Stesso discorso vale per il secondo prodotto Car-T in rampa di lancio in Italia, a marchio Novartis e indicato anche per uso pediatrico, su pazienti con leucemia linfoblastica acuta (LLA) a cellule B. «L’Italia è centrale in questa terapia perché ha partecipato con un piccolo paziente allo studio registrativo, poi esteso ad altri cinque bambini», afferma Luigi Boano, general manager di Novartis Oncology Italia.

In prima linea nelle sperimentazioni Novartis, insieme al Bambino Gesù e all’Istituto Papa Giovanni XXIII di Bergamo, che conducono studi indipendenti, c’è la Fondazione Monza e Brianza per il Bambino e la sua Mamma dell’Ospedale San Gerardo. «Quattro bambini hanno avuto una risposta straordinaria.

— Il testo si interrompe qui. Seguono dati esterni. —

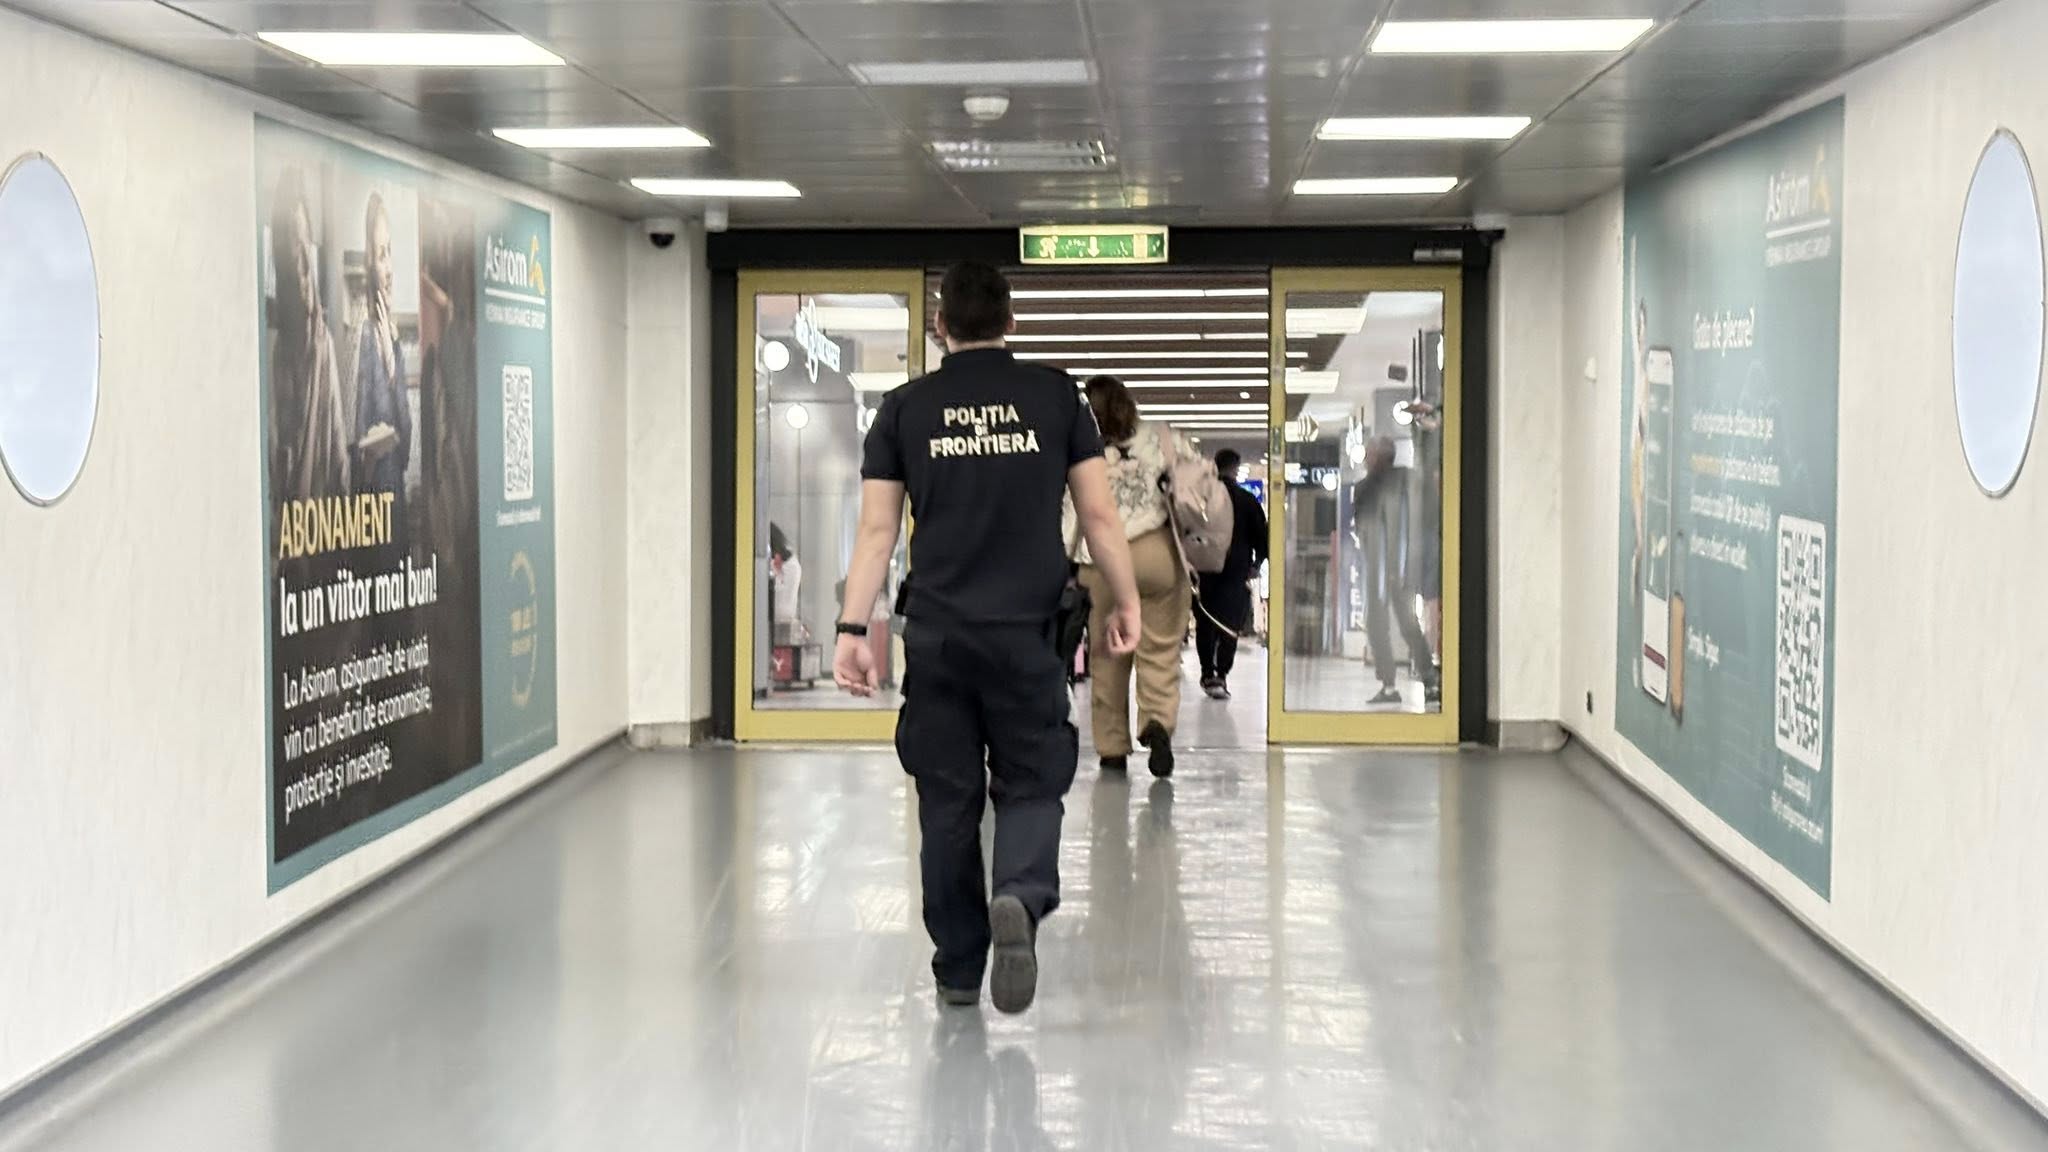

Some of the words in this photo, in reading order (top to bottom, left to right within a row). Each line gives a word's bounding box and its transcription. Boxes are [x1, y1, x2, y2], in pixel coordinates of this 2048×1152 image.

Il follow-up è ancora troppo breve, ma un paio hanno già superato i sei mesi e possiamo dire di aver toccato con mano che queste cellule sono in grado di ottenere la remissione della malattia».

Come sempre succede, l’unione fa la forza: l’obiettivo comune di industria e istituzioni è quello di realizzare un network di centri altamente specializzati sulle Car-T, in grado di offrire cure che siano il più possibile “democratiche”, sia dal punto di vista dei costi che dell’accessibilità. La partita è cruciale: al di là degli interessi delle companies, le Car-T rappresentano il quarto pilastro della lotta ai tumori, dopo chemioterapia, radioterapia e chirurgia. L’Italia non può perdere la sfida della conoscenza.